Task item: When you reach a picture, pass over it; otherwise repeat the listing word for word.

Extracted records:

== Segment start ==

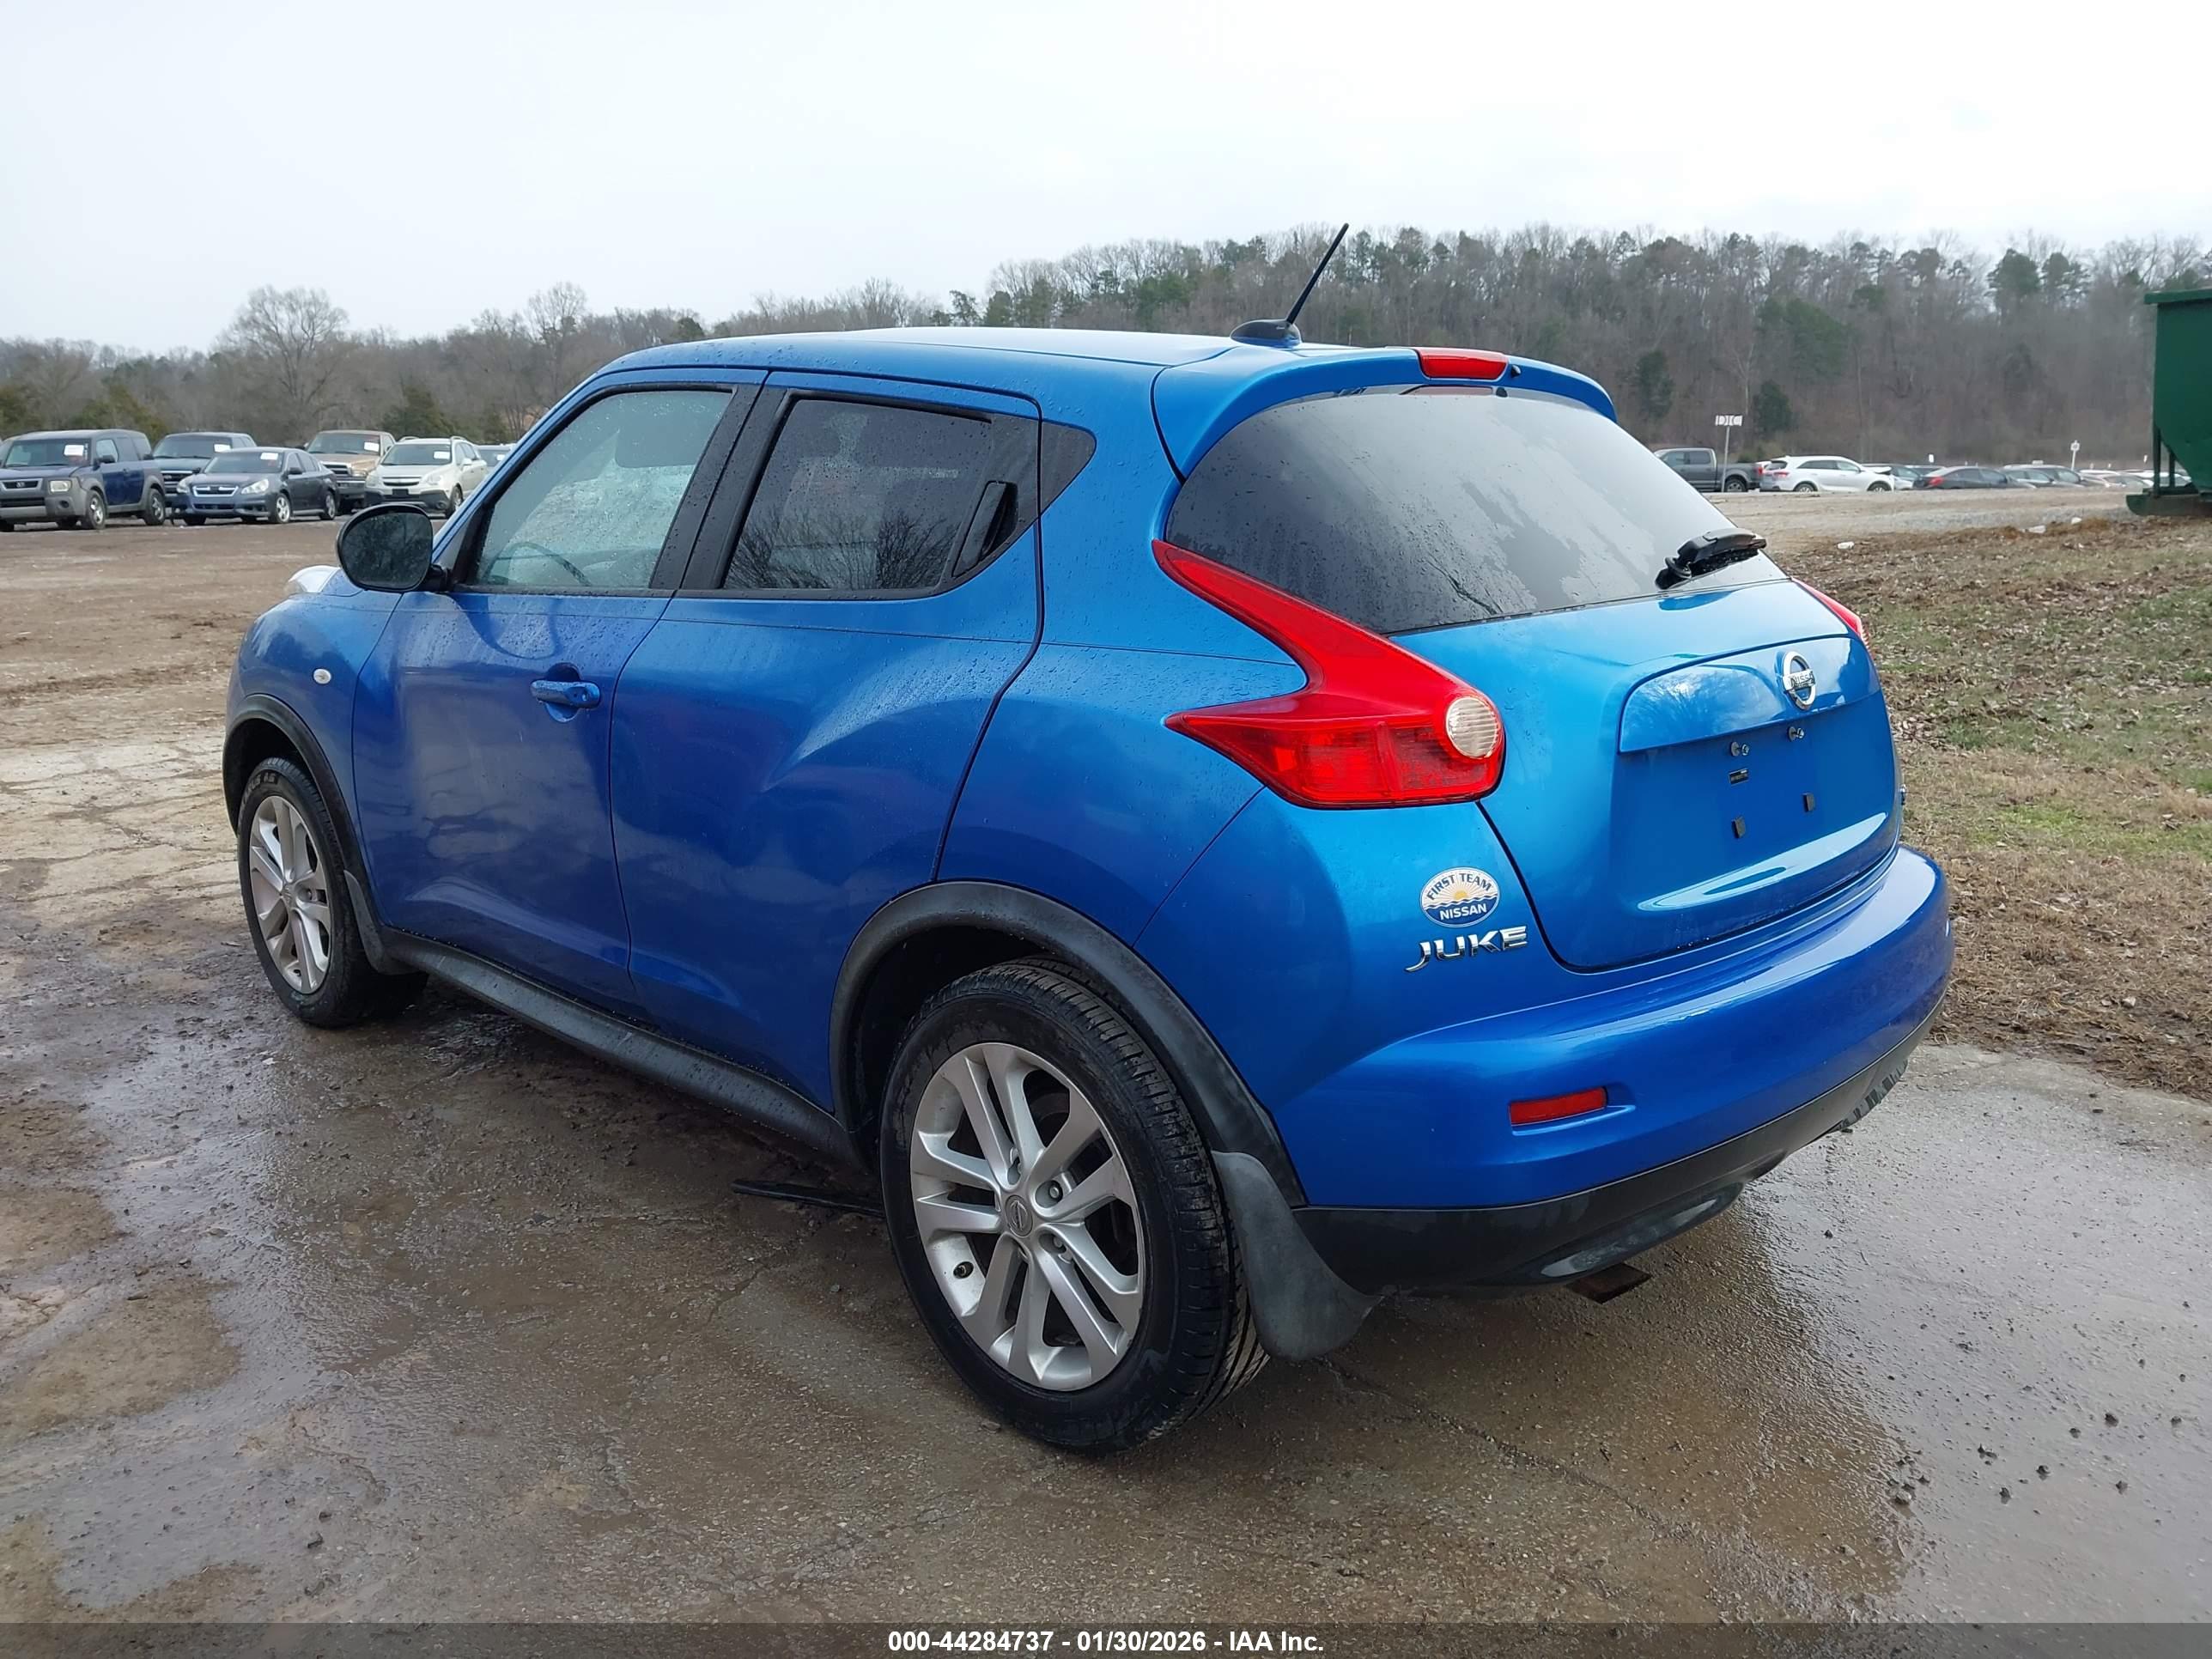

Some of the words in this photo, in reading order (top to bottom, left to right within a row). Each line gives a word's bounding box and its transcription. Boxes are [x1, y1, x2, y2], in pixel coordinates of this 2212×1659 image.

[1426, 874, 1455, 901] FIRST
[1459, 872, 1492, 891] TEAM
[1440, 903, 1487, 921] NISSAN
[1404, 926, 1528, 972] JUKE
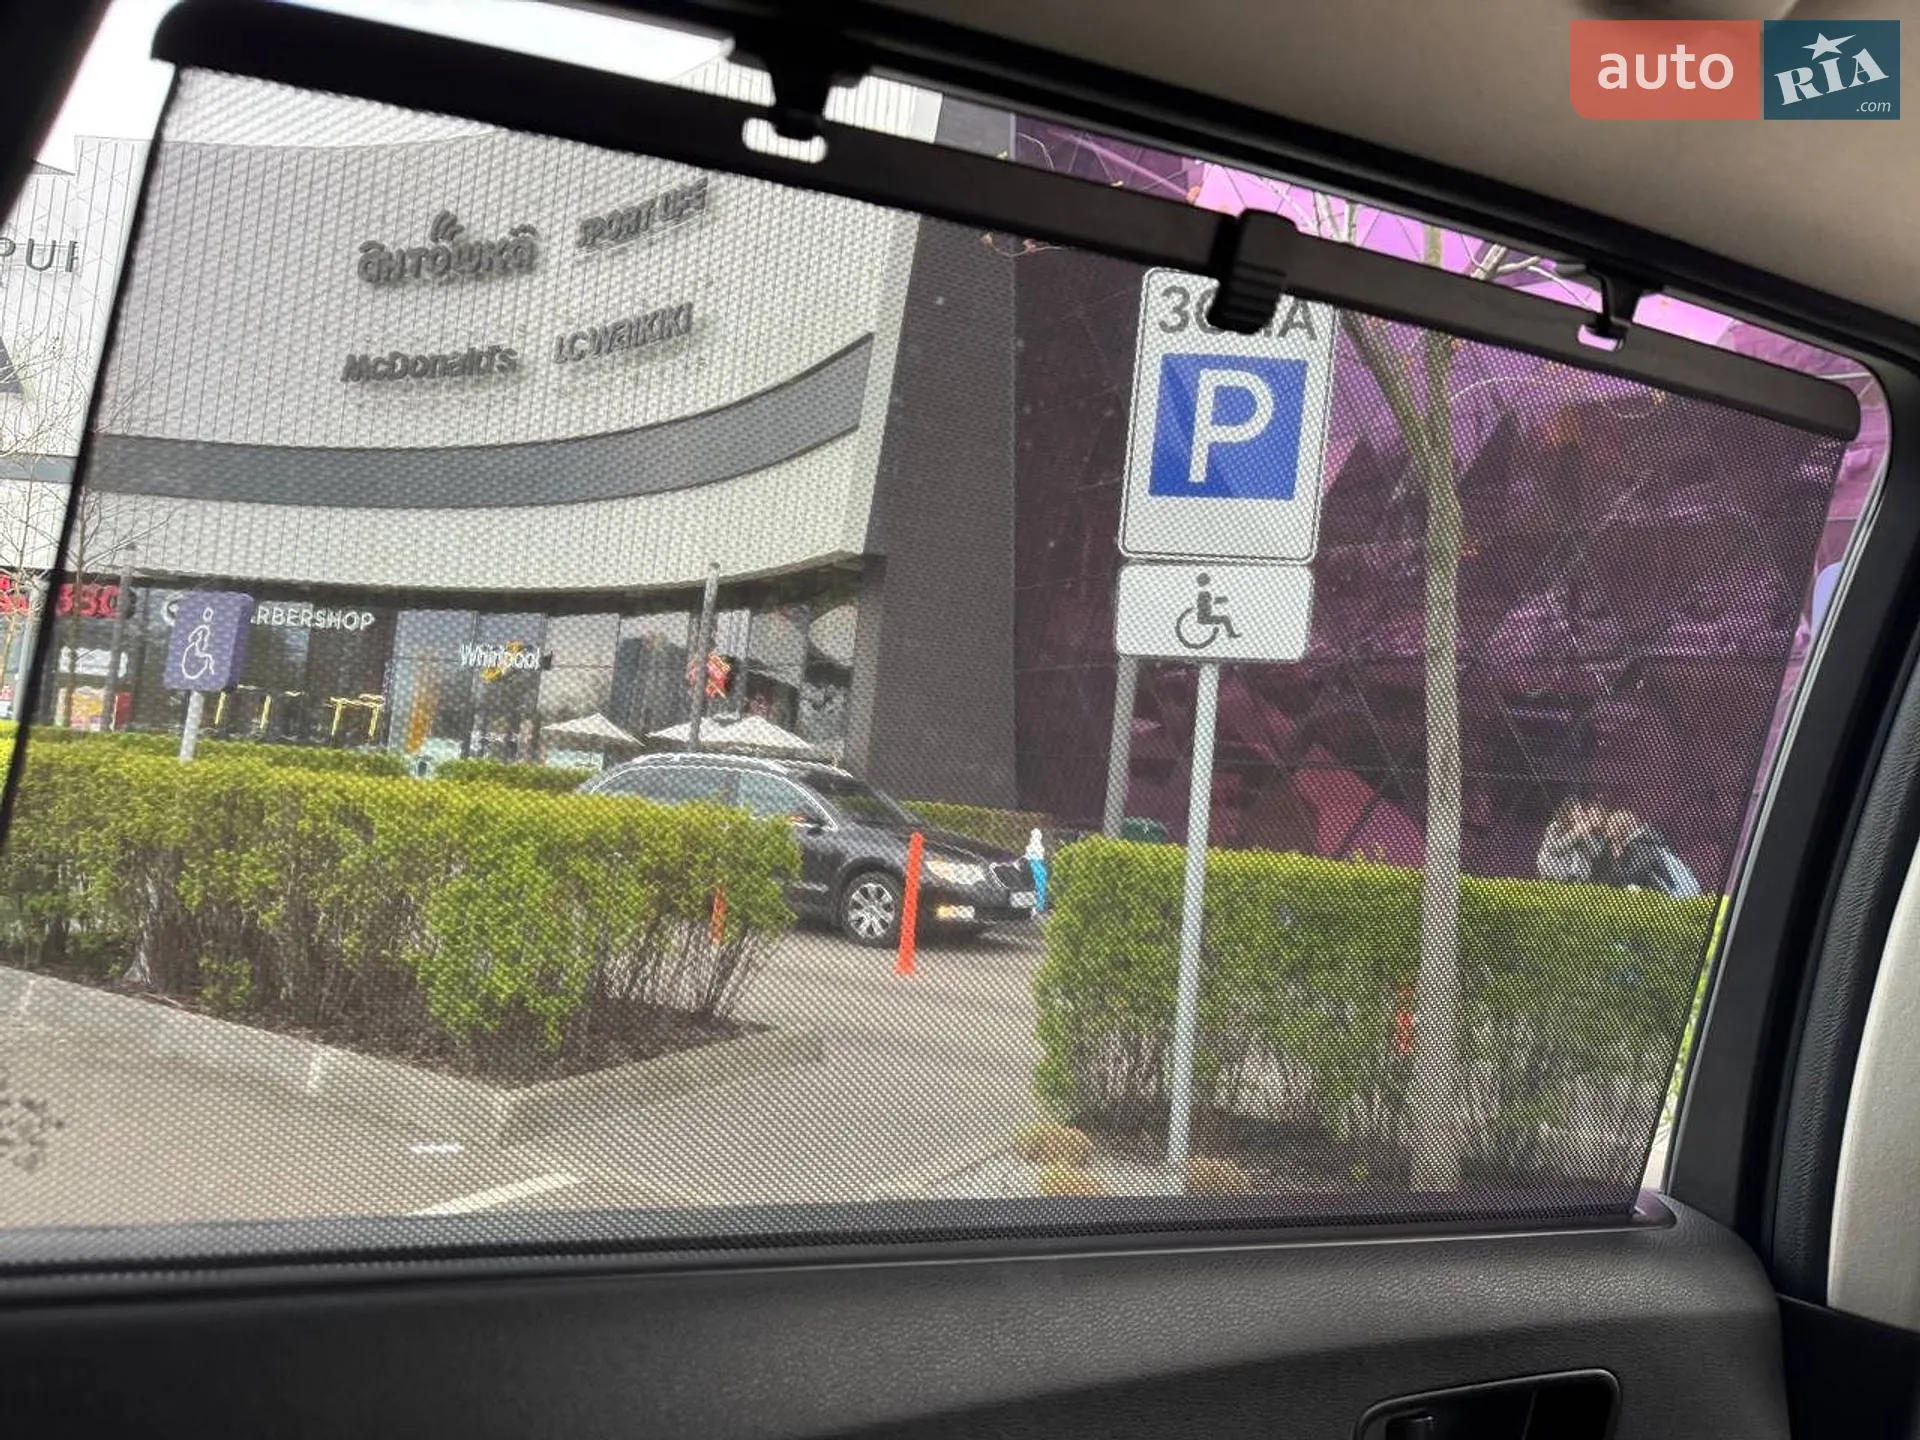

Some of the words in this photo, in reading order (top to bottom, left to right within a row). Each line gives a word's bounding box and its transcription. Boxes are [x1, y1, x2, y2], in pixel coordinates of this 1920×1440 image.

== Segment end ==

Response:
Some of the words in this photo, in reading order (top to bottom, left to right within a row). Each line gives a word's bounding box and its transcription. Boxes are [x1, y1, x2, y2], in pixel coordinates of this 2212×1659 image.

[1426, 874, 1455, 901] FIRST
[1459, 872, 1492, 891] TEAM
[1440, 903, 1487, 921] NISSAN
[1404, 926, 1528, 972] JUKE

Some of the words in this photo, in reading order (top to bottom, left to right within a row). Each line gives a word's bounding box and its transcription. Boxes are [x1, y1, x2, y2], in pixel coordinates of this 1920×1440 image.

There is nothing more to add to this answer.